Dushkin told troopers that Iloilo provided a breath sample with a breath alcohol content of .185. Alaska's legal limit for DUI is .08.

Earlier flights carrying troopers to Atka had been blocked by weather, but investigators were able to reach the island community Thursday morning.

A witness to the events just before the crash, Toni Tuga, told troopers that Iloilo had arrived at the fish plant with "a strong odor of alcohol" on him to drive people to dinner, according to the complaint. As the other passengers boarded, Iloilo offered Tuga a ride, but she declined because she had to make a phone call.

"Sonny told her OK and left with (the other passengers) at a high rate of speed causing a cloud of dust on the dirt road," Eastwood-Koleszar wrote. "Toni stated Sonny had a habit of speeding. Toni stated the crash happened immediately after (they) departed."

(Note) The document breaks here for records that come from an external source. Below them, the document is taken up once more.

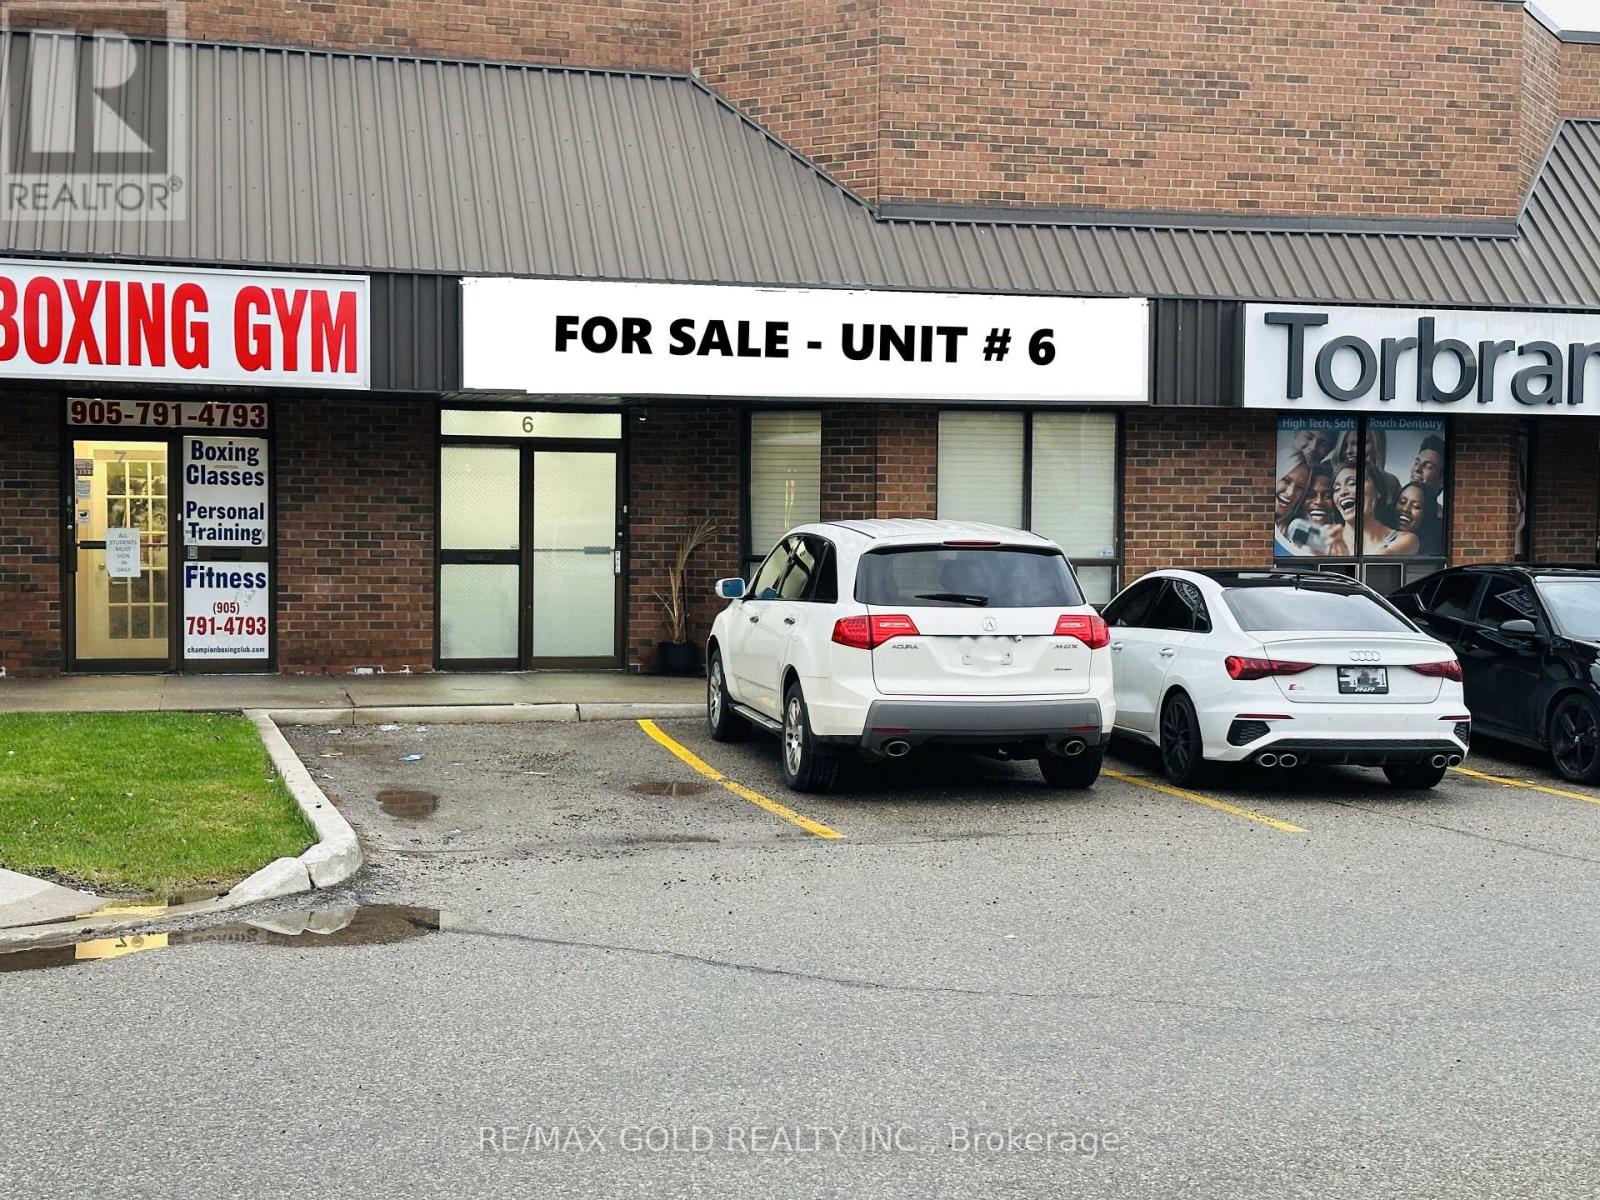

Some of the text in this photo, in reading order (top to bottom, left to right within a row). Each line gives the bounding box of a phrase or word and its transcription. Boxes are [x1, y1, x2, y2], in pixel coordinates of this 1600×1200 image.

[234, 285, 357, 373] GYM
[555, 315, 1056, 366] FOR SALE - UNIT # 6
[71, 400, 266, 428] 905-791-4793
[522, 416, 534, 433] 6
[1282, 418, 1306, 430] High
[1335, 418, 1355, 430] Soft
[1369, 418, 1397, 429] Touch
[1400, 418, 1442, 430] Dentistry
[191, 440, 259, 466] Boxing
[186, 464, 264, 486] Classes
[186, 501, 264, 520] Personal
[188, 522, 262, 545] Training
[185, 565, 267, 588] Fitness
[212, 602, 240, 615] (905)
[185, 616, 267, 636] 791-4793
[186, 646, 265, 654] championboxingclub.com

The crash occurred on a straight stretch of Atxax Way with a posted speed limit of 20 mph where the van had left the right side of the road headed northwest, the complaint says. Nobody in the van had been wearing seat belts.

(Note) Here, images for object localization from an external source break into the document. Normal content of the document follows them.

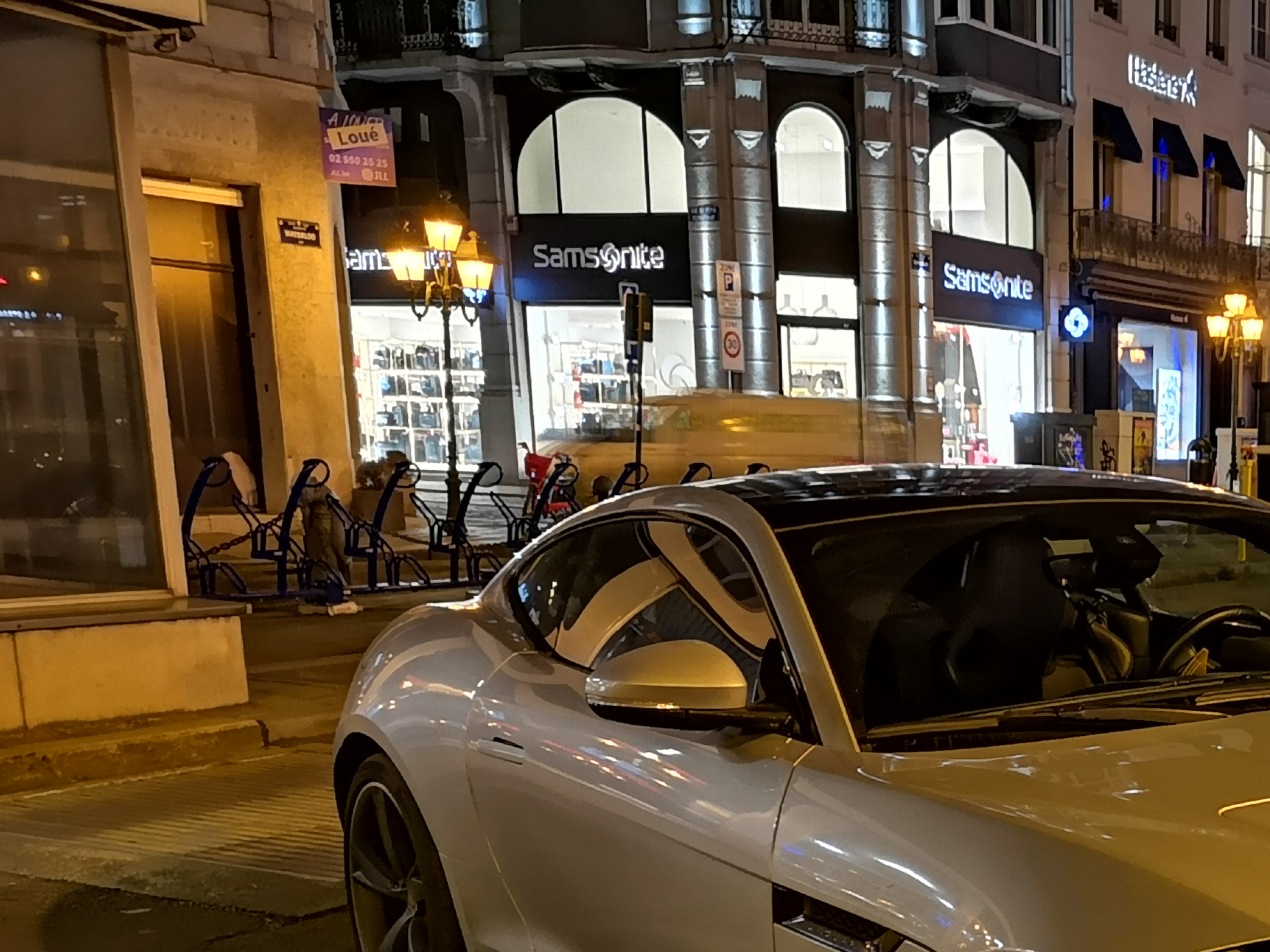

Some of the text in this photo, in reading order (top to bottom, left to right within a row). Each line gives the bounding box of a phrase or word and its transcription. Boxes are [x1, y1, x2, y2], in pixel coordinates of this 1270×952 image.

[337, 126, 379, 146] Loué
[329, 153, 342, 164] 02
[374, 171, 390, 182] JLL
[533, 242, 665, 273] Samsonite
[943, 261, 1035, 301] Samsonite
[727, 338, 738, 350] 30

"The driver then attempted to get back on the roadway, overcorrected the steering and as a result the vehicle rolled multiple times and also caused the front of the vehicle (to spin) approximately 180 degrees," Eastwood-Koleszar wrote.

Dushkin had initially reported at least one person dead at the scene of the crash as of 6 p.m. June 14, with McCullough, Nesbit and Tunohun all succumbing to their injuries by 8 p.m. that evening. An autopsy by the State Medical Examiner Office later found that all three men had suffered head or chest trauma in the crash.

One survivor of the crash, 31-year-old Unalaska resident Jonathan Merculieff, initially declined medical treatment; he later told troopers he was traveling to Anchorage for treatment of broken ribs from the crash. The others were flown to Adak, where they were transferred to a Coast Guard plane that took them to Anchorage on Wednesday morning.

Ellen Krsnak, a spokeswoman for Atka Pride Seafoods operator Aleutian Pribilof Island Community Development Association, said grief counselors had traveled last week to Atka, where the seafood plant employs about 15 people. A counselor had also visited Anchorage to speak with company employees based there, as well as the survivors and their families.